Recueil de l'information

Deux méthodologies ont été suivies pour établir les états des lieux régionaux.

La première consiste à réunir les principaux acteurs locaux pour recenser les cas de résistance par département. Les participants, choisis pour leur compétence et/ou parce qu'ils réalisent des tests de résistance, représentent les instituts, distributeurs, fournisseurs et organismes de conseil. Cela permet d'avoir rapidement une vision synthétique et favorise les échanges d'informations.

L'autre méthode, utilisée en Midi-Pyrénées, combine l'envoi d'une enquête aux acteurs de terrain et des rendez-vous bilatéraux avec les firmes réalisant des tests de résistance. Cela permet d'interroger un grand nombre d'acteurs mais sans garantie de constat partagé et parfaitement représentatif.

Création d'une base de données

Ces deux approches permettent d'incrémenter une base de données.
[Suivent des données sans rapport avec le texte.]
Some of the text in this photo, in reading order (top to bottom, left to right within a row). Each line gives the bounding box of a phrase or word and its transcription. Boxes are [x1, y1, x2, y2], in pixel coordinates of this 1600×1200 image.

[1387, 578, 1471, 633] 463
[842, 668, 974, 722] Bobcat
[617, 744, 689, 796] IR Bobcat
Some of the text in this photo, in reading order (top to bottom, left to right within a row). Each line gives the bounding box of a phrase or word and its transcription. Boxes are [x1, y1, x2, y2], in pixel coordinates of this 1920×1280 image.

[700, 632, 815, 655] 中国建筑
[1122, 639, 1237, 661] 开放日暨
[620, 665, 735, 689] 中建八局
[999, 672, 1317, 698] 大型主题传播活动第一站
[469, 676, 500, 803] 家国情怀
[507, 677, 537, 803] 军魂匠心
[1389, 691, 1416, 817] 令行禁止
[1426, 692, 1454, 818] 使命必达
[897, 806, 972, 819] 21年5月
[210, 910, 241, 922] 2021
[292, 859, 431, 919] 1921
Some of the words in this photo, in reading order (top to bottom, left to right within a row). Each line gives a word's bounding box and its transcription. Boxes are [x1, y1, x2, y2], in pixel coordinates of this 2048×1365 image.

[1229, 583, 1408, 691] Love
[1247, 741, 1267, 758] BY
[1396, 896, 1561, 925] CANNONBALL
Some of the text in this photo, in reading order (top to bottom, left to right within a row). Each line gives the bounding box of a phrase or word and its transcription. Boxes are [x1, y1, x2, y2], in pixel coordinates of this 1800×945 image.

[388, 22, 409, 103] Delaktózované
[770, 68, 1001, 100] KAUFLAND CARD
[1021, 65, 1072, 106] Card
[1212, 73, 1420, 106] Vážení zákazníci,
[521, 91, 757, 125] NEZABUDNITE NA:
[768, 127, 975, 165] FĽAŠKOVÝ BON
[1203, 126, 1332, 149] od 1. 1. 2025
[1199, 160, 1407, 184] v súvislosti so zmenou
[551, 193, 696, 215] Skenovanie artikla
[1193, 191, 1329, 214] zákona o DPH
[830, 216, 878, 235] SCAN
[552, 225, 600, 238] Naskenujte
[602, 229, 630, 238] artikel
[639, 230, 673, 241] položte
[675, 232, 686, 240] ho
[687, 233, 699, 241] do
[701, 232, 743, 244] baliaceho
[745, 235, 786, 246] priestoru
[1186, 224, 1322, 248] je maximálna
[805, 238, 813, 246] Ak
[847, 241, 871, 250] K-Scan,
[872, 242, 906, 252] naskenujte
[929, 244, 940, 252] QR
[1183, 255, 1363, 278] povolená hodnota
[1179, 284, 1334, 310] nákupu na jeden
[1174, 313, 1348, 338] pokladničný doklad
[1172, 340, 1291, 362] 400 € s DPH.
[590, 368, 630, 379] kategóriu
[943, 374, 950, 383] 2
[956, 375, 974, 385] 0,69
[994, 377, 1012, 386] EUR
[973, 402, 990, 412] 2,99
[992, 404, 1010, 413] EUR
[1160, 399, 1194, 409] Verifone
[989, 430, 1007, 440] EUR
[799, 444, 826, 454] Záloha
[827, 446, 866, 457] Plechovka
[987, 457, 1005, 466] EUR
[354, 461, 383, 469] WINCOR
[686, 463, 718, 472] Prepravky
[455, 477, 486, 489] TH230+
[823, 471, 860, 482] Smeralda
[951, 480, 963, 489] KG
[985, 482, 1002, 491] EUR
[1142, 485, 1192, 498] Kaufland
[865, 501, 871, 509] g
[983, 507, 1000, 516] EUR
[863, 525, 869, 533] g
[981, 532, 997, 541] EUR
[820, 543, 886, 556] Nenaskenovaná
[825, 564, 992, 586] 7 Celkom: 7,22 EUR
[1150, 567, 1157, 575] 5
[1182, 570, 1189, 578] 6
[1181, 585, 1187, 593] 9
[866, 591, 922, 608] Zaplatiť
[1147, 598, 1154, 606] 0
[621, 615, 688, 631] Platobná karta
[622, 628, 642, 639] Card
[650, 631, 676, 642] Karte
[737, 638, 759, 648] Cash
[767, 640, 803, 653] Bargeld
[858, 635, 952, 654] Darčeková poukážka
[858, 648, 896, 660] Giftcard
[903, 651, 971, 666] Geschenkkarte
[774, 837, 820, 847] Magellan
Elle répertorie, pour chaque département et chaque couple adventice/mode d'action herbicide :

- la présence ou non de cas de résistance ;

- l'année du premier cas détecté ;

- le nombre de cas formellement identifiés (moins de 5 cas ; entre 5 et 20 ; plus de 20 cas ; non quantifiable) ;

- le ou les mécanismes de résistance ;

- un indice de l'importance de la résistance dans le département (« premier cas détecté »/« rare »/« modéré »/« fréquent »).

L'état des lieux comporte aussi des informations de contexte agronomique : présence de résistance dans des situations a priori supposées à faible risque, secteurs et situations les plus touchés.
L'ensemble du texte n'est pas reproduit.